TASK PROMPT: Write the entries below out again in full. Match every character.

______________________________

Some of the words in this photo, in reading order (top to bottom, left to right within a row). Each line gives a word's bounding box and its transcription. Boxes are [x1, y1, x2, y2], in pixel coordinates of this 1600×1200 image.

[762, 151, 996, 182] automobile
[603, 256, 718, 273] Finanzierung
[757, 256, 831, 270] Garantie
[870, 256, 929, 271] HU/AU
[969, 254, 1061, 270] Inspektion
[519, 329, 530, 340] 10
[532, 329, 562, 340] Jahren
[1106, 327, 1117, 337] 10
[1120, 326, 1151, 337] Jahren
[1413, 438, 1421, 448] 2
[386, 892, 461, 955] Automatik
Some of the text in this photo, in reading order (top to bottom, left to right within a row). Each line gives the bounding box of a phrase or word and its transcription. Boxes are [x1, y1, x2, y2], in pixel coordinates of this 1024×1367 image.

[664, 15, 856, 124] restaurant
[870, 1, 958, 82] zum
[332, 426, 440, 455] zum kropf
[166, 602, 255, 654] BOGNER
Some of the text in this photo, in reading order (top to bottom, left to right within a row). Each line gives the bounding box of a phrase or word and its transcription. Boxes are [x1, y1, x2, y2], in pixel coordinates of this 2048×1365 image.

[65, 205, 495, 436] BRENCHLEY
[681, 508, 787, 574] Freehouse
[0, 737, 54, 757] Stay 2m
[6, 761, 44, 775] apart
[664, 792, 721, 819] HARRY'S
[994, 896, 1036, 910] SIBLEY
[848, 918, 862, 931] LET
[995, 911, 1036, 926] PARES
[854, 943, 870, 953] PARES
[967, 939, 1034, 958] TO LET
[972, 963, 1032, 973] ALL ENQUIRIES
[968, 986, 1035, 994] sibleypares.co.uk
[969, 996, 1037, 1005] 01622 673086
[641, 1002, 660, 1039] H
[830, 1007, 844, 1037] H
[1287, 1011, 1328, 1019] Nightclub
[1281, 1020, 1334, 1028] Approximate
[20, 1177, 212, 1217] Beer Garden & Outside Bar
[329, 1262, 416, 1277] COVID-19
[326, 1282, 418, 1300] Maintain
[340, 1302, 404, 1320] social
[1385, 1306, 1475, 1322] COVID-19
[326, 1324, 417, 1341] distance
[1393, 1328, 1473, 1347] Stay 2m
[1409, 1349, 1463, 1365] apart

______________________________

OUTPUT OF THE TASK:
Some of the words in this photo, in reading order (top to bottom, left to right within a row). Each line gives a word's bounding box and its transcription. Boxes are [x1, y1, x2, y2], in pixel coordinates of this 1600×1200 image.

[762, 151, 996, 182] automobile
[603, 256, 718, 273] Finanzierung
[757, 256, 831, 270] Garantie
[870, 256, 929, 271] HU/AU
[969, 254, 1061, 270] Inspektion
[519, 329, 530, 340] 10
[532, 329, 562, 340] Jahren
[1106, 327, 1117, 337] 10
[1120, 326, 1151, 337] Jahren
[1413, 438, 1421, 448] 2
[386, 892, 461, 955] Automatik
Some of the text in this photo, in reading order (top to bottom, left to right within a row). Each line gives the bounding box of a phrase or word and its transcription. Boxes are [x1, y1, x2, y2], in pixel coordinates of this 1024×1367 image.

[664, 15, 856, 124] restaurant
[870, 1, 958, 82] zum
[332, 426, 440, 455] zum kropf
[166, 602, 255, 654] BOGNER
Some of the text in this photo, in reading order (top to bottom, left to right within a row). Each line gives the bounding box of a phrase or word and its transcription. Boxes are [x1, y1, x2, y2], in pixel coordinates of this 2048×1365 image.

[65, 205, 495, 436] BRENCHLEY
[681, 508, 787, 574] Freehouse
[0, 737, 54, 757] Stay 2m
[6, 761, 44, 775] apart
[664, 792, 721, 819] HARRY'S
[994, 896, 1036, 910] SIBLEY
[848, 918, 862, 931] LET
[995, 911, 1036, 926] PARES
[854, 943, 870, 953] PARES
[967, 939, 1034, 958] TO LET
[972, 963, 1032, 973] ALL ENQUIRIES
[968, 986, 1035, 994] sibleypares.co.uk
[969, 996, 1037, 1005] 01622 673086
[641, 1002, 660, 1039] H
[830, 1007, 844, 1037] H
[1287, 1011, 1328, 1019] Nightclub
[1281, 1020, 1334, 1028] Approximate
[20, 1177, 212, 1217] Beer Garden & Outside Bar
[329, 1262, 416, 1277] COVID-19
[326, 1282, 418, 1300] Maintain
[340, 1302, 404, 1320] social
[1385, 1306, 1475, 1322] COVID-19
[326, 1324, 417, 1341] distance
[1393, 1328, 1473, 1347] Stay 2m
[1409, 1349, 1463, 1365] apart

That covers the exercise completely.